**Exercise instructions**
Reproduction without pictures: print every entry precisely as written.

**Excerpted records**

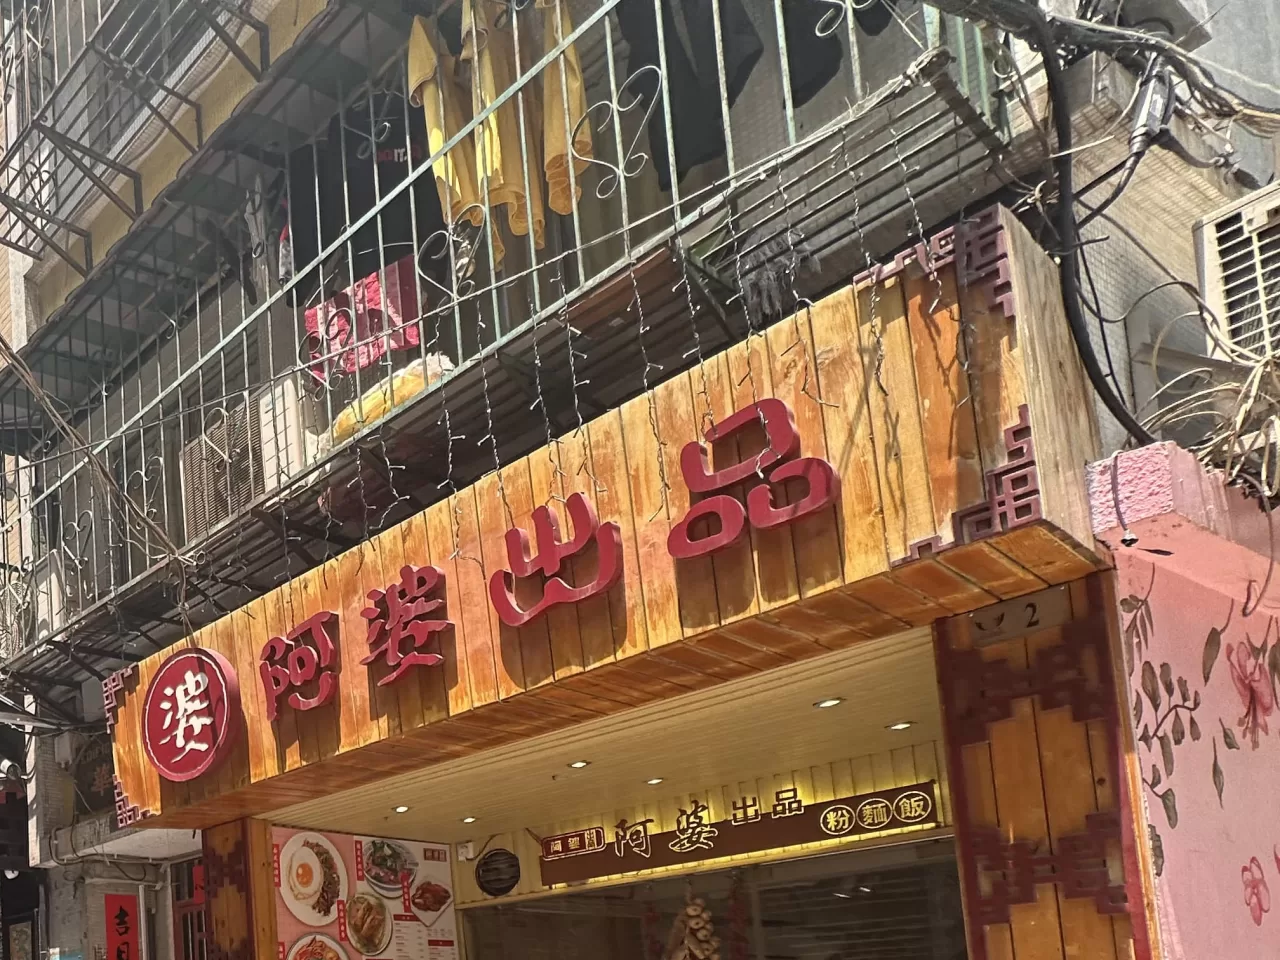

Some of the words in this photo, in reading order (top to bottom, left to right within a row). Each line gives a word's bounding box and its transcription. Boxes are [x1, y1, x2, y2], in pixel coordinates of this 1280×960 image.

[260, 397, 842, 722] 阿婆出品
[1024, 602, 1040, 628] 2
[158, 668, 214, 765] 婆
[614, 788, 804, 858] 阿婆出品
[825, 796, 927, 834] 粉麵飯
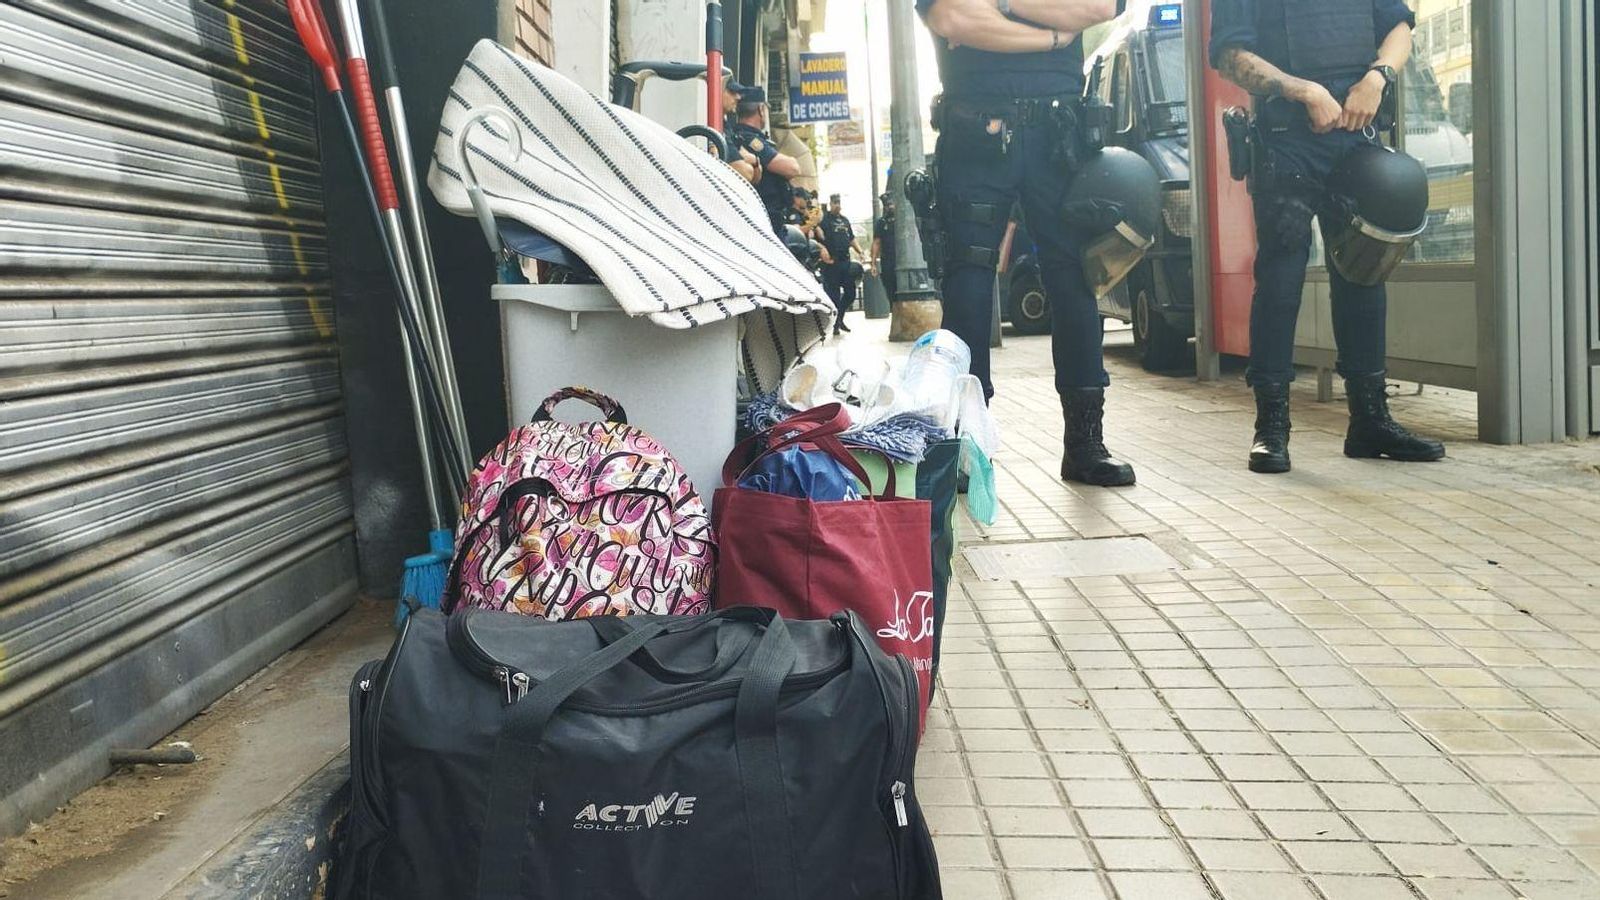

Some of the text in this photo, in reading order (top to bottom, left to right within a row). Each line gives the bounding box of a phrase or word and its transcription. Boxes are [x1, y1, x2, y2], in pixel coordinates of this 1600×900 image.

**Result of the exercise**
Some of the words in this photo, in reading order (top to bottom, left to right within a row). Each line gives a word's bounding box and its transcription. Boxes are [x1, y1, x2, y2], in pixel coordinates of this 1280×960 image.

[260, 397, 842, 722] 阿婆出品
[1024, 602, 1040, 628] 2
[158, 668, 214, 765] 婆
[614, 788, 804, 858] 阿婆出品
[825, 796, 927, 834] 粉麵飯

Some of the text in this photo, in reading order (top to bottom, left to right within a row). Each line gives the bounding box of a phrase or word and its transcription. Boxes are [x1, y1, x2, y2], in pixel coordinates of this 1600×900 image.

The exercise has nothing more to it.